Con comparsa di costituzione e risposta, di poi, si costituivano in giudizio i convenuti; i quali deducevano l’infondatezza delle avverse domande. Eccepivano, in particolare, di essere legittimi proprietari dei beni contesi per averli ereditati dalla madre. Evidenziavano, altresì, che gli atti di provenienza non fossero annullabili, anche perché la relativa azione dovevasi considerare, irrimediabilmente, prescritta, giusta art. 1442 c.c. Peraltro, anche la domanda di usucapione dovevasi considerare infondata.
Esponevano i convenuti, al contempo, che i fatti si fossero svolti, diversamente, da quanto prospettato dagli attori; poiché, come risultava dalla scrittura privata del 10 agosto 1950, era stato stipulato un prestito tra fratelli, con impegno alla restituzione, entro due anni, delle elargizioni patrimoniali conferite. Tale restituzione non era mai avvenuta, sicché, con missiva del 29 agosto 1957, era stata autorizzata – da parte del debitore – la vendita dei beni, in forza dei poteri rappresentativi, conferiti, con procura generale notarile, rogitata in data 6 agosto 1950, al fine di consentire il recupero della somma prestata.

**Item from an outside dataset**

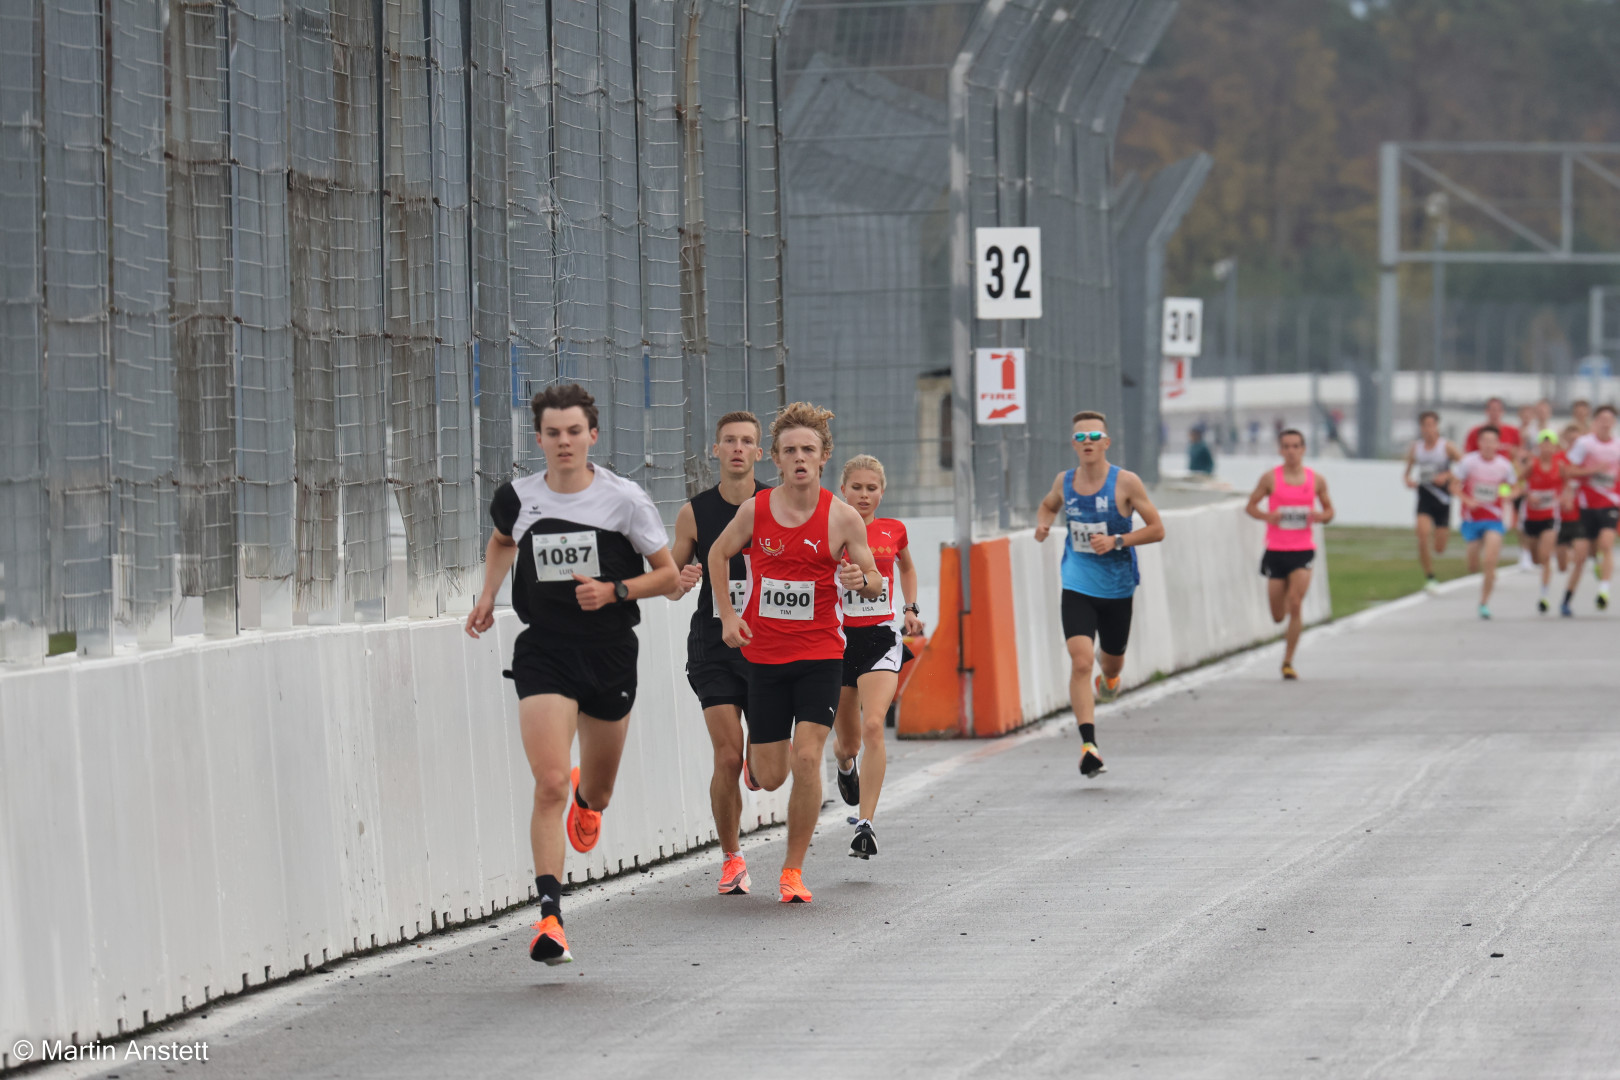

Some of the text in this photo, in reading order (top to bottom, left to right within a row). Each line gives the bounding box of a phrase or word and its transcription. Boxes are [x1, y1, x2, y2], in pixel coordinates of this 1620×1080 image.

Con la prima memoria, giusta art. 183, comma 6 cc, gli attori, unitamente alle domande già proposte nell’atto di citazione, formulavano una “nuova domanda”, consistente nella declaratoria di nullità degli atti di vendita, del 7 maggio 1954 e del 15 settembre 1957, nonché della procura ad amministrare e vendere, rilasciata, in data 6 agosto 1950. Di modo ché si invocava la nullità, per illiceità della causa, attesa la ‘natura’ e ‘funzione’ di garanzia dell’adempimento del credito, svolta dai negozi collegati de quibus, in spregio evidente del divieto di patto commissorio, giusta artt. 1418, 1343, 1344 e 2744 cc. Nella medesima memoria, gli attori chiedevano, altresì, l’annullamento per conflitto d’interessi, giusta art. 1394 cc, anche dell’atto di vendita del 7 maggio 1954, non menzionato nella citazione introduttiva.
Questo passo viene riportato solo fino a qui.